Publication year - 2018
Publication title -
environmental policy and governance
Language(s) - English
Resource type - Journals
SCImago Journal Rank - 0.987
H-Index - 48
eISSN - 1756-9338
pISSN - 1756-932X
DOI - 10.1002/eet.1815
Subject(s) - polycentricity , environmental governance , corporate governance , social movement , economic justice , climate justice , politics , climate governance , political science , sociology , climate change , ecology , economics , law , biology , finance
What is the relationship between social movements and polycentric governance? The concept of polycentricity has been at the center of recent debates in environmental governance.
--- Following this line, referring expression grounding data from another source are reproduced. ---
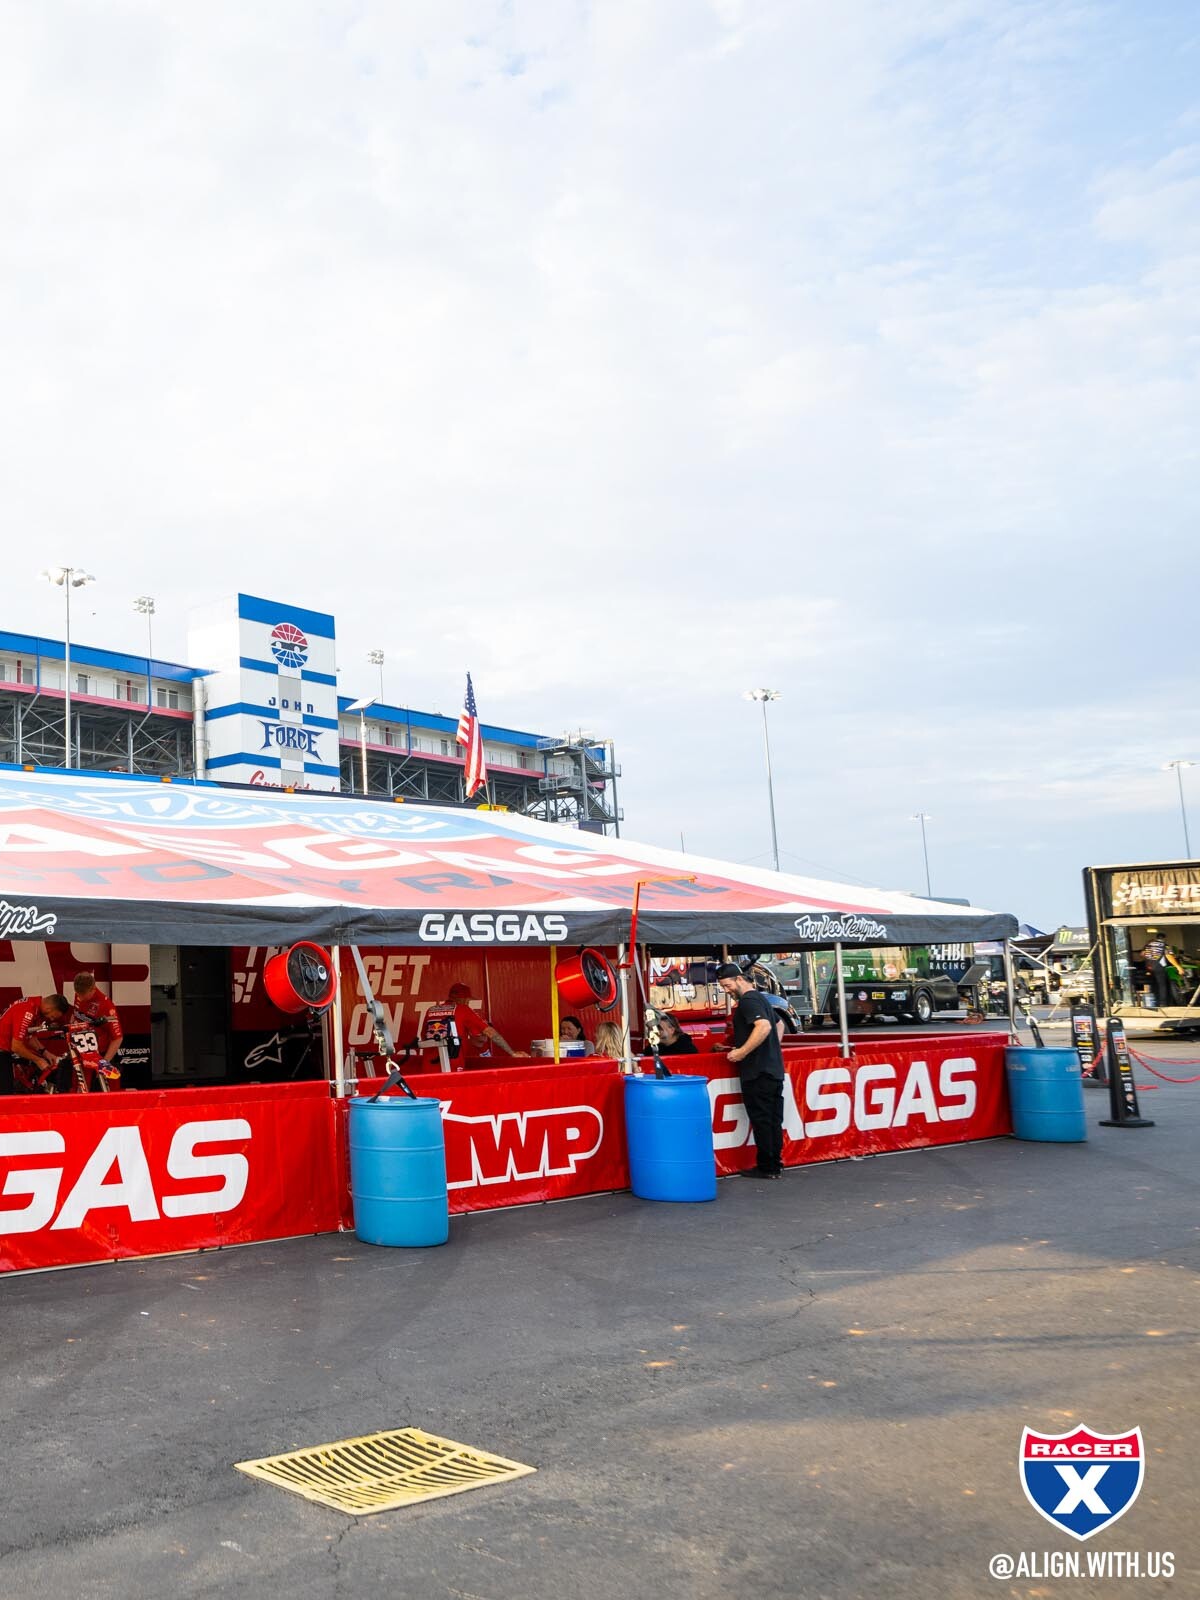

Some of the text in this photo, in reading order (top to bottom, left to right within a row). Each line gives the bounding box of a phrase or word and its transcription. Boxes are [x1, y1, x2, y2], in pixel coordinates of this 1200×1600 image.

[268, 696, 314, 714] JOHN
[257, 719, 324, 762] FORCE
[418, 913, 568, 942] GASGAS
[794, 913, 887, 942] Troy Lee Designs
[356, 955, 431, 998] GET
[929, 962, 966, 970] RACING
[74, 1032, 99, 1053] 33
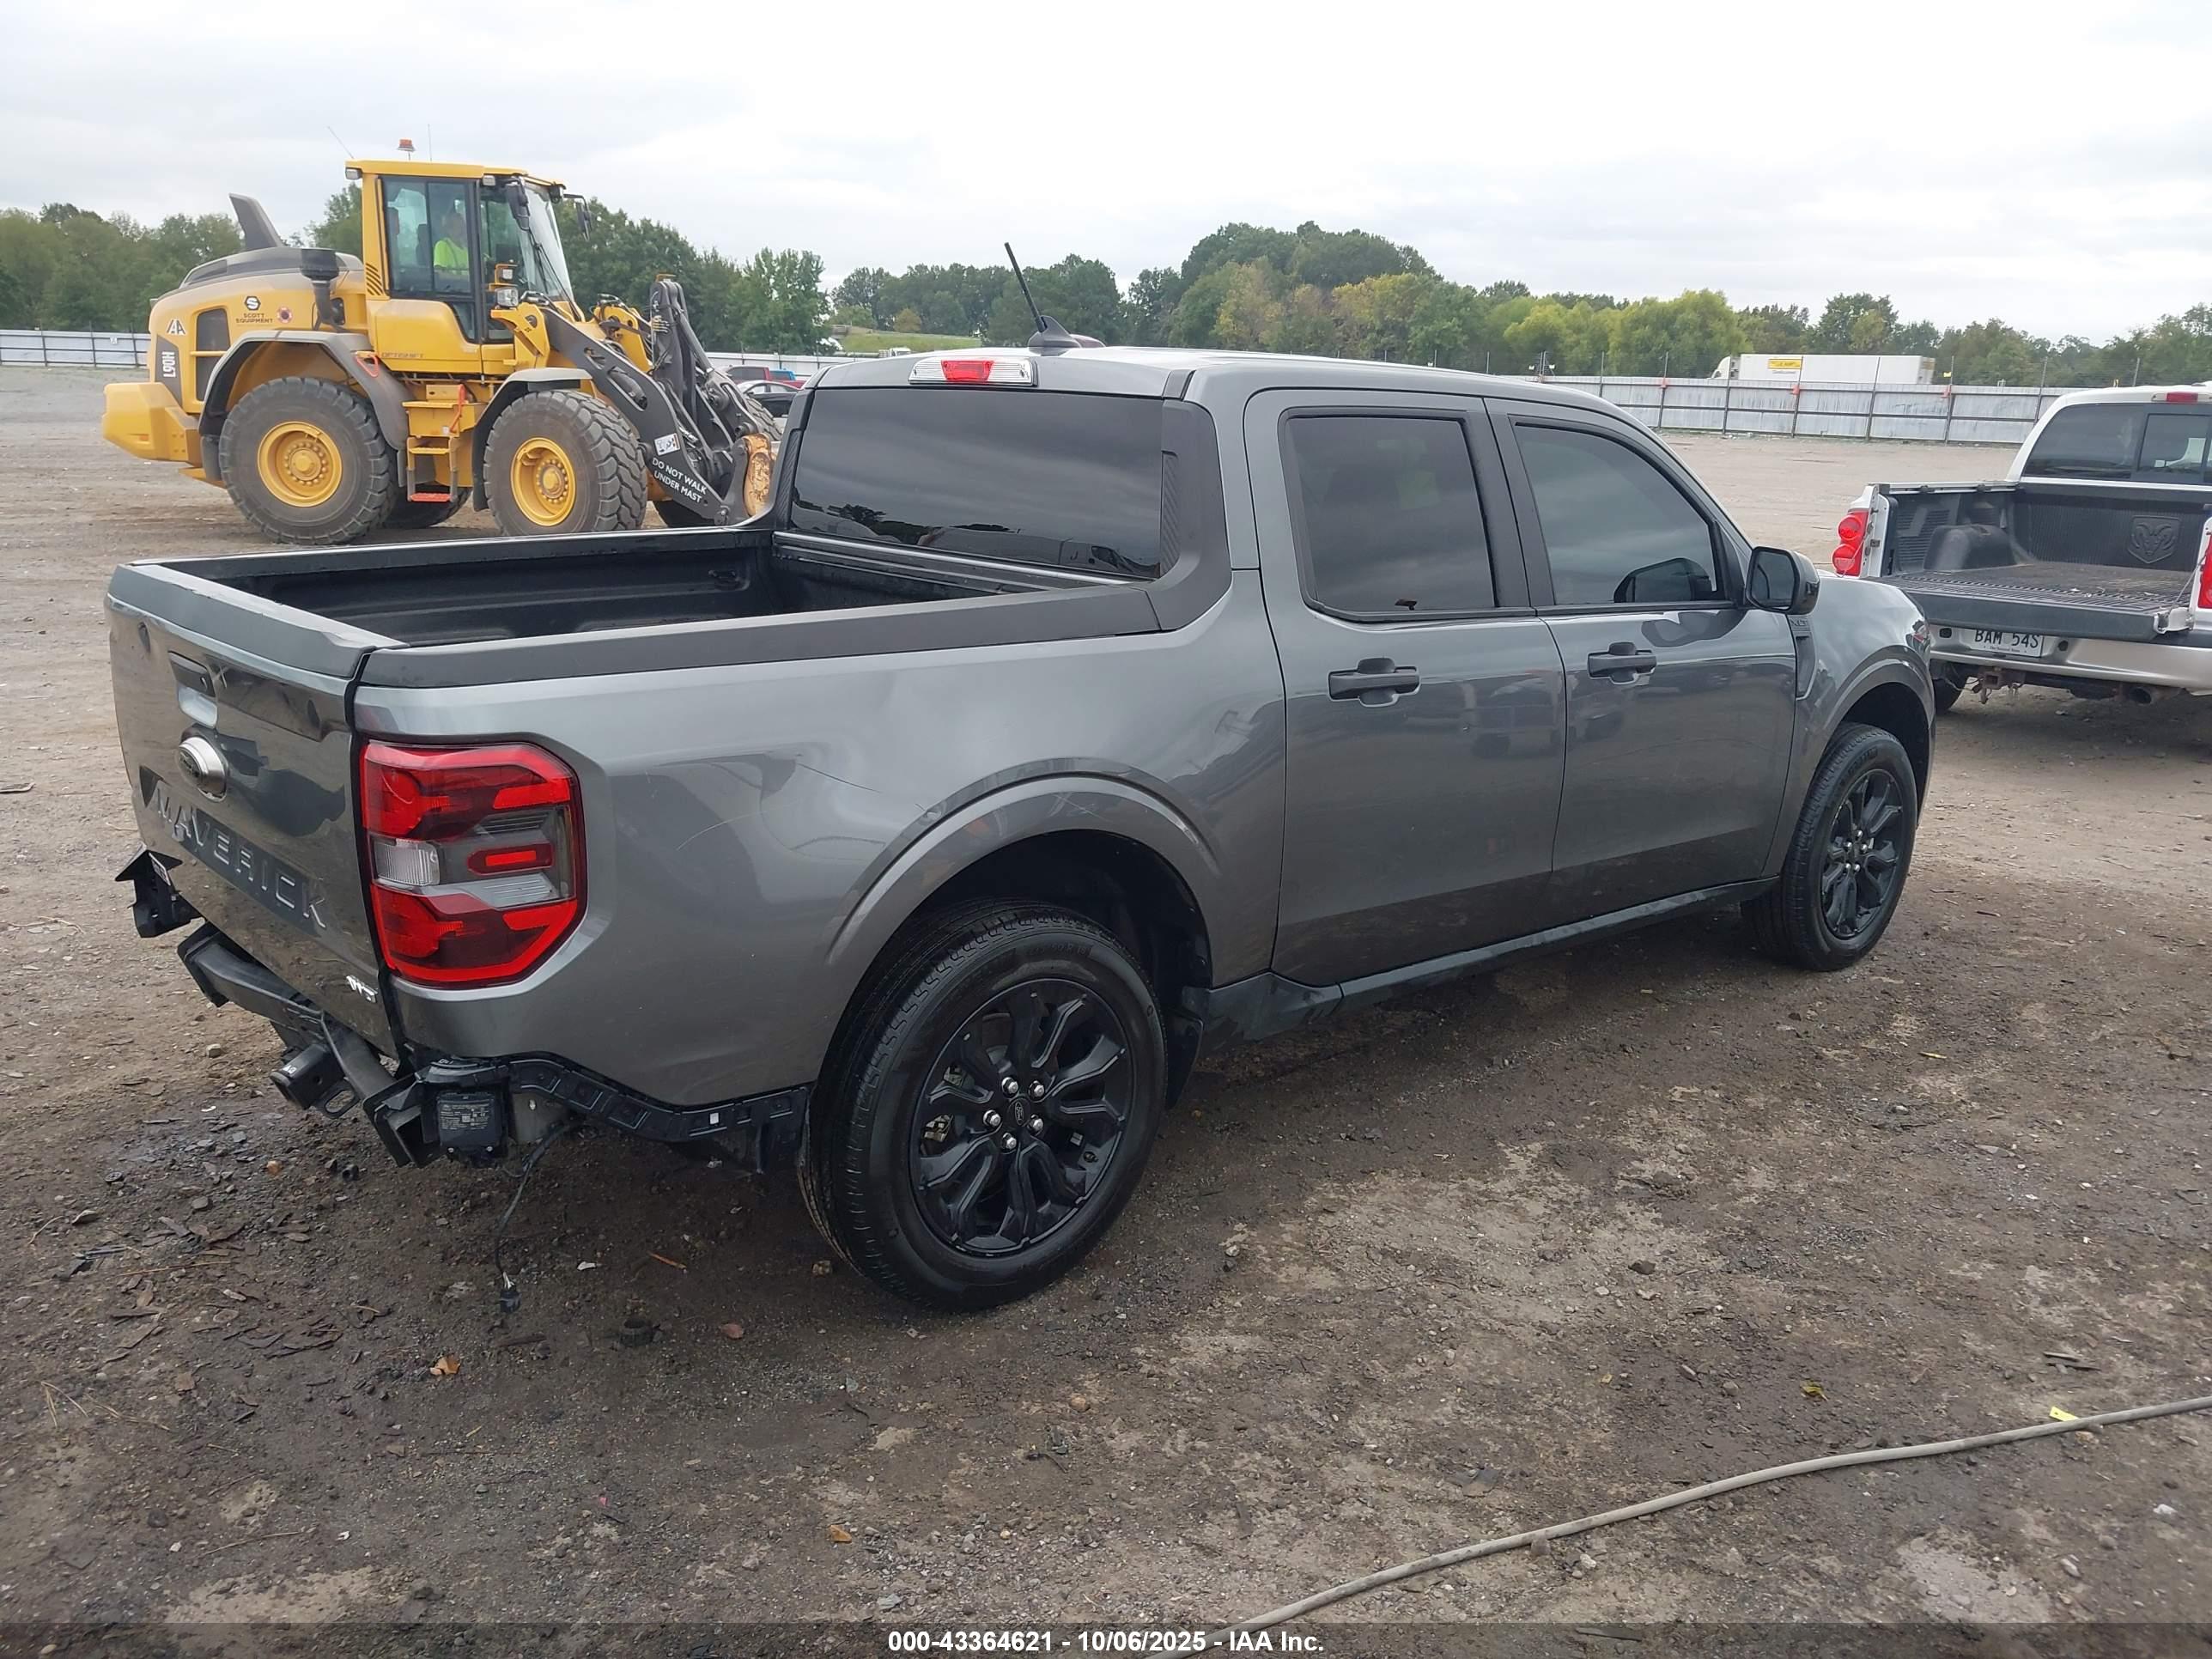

While most of this work has analyzed polycentric arrangements in relation to collaborative and adaptive governance, some have recently focused on how political conflicts shape these arrangements. In this paper we build on this work through Luther Gerlach's forgotten framework of polycentric social movements to undertake the task of politicizing polycentricity. This task entails expanding the analytical focus of institutional analyses of polycentricity and examining the social group politics of social movements. To this end, we present a case study of the climate justice movement and its relation to climate change governance. We analyze whether and to what extent the movement has embodied polycentric arrangements throughout its history, and to what effects. We show that show that, in seeking to address the multiscalar nature of environmental problems and the limits of existing institutional arrangements, climate justice groups are increasingly organized in a polycentric fashion. Climate justice groups mobilize multiple strands of environmental justice movements from the global North and South, as well as from indigenous and peasant rights movements, and it is organized as a decentralized network of semiautonomous, coordinated units. We find that this strategy generates new opportunities and challenges for the movement, and thus has important implications for its effectiveness in achieving these transformations. Lastly, we find that through these polycentric arrangements, movements such as that for climate justice are able to exert simultaneous influence on multiple sites of environmental governance, from the local to the global, furthering increased polycentricity in formal institutional arrangements.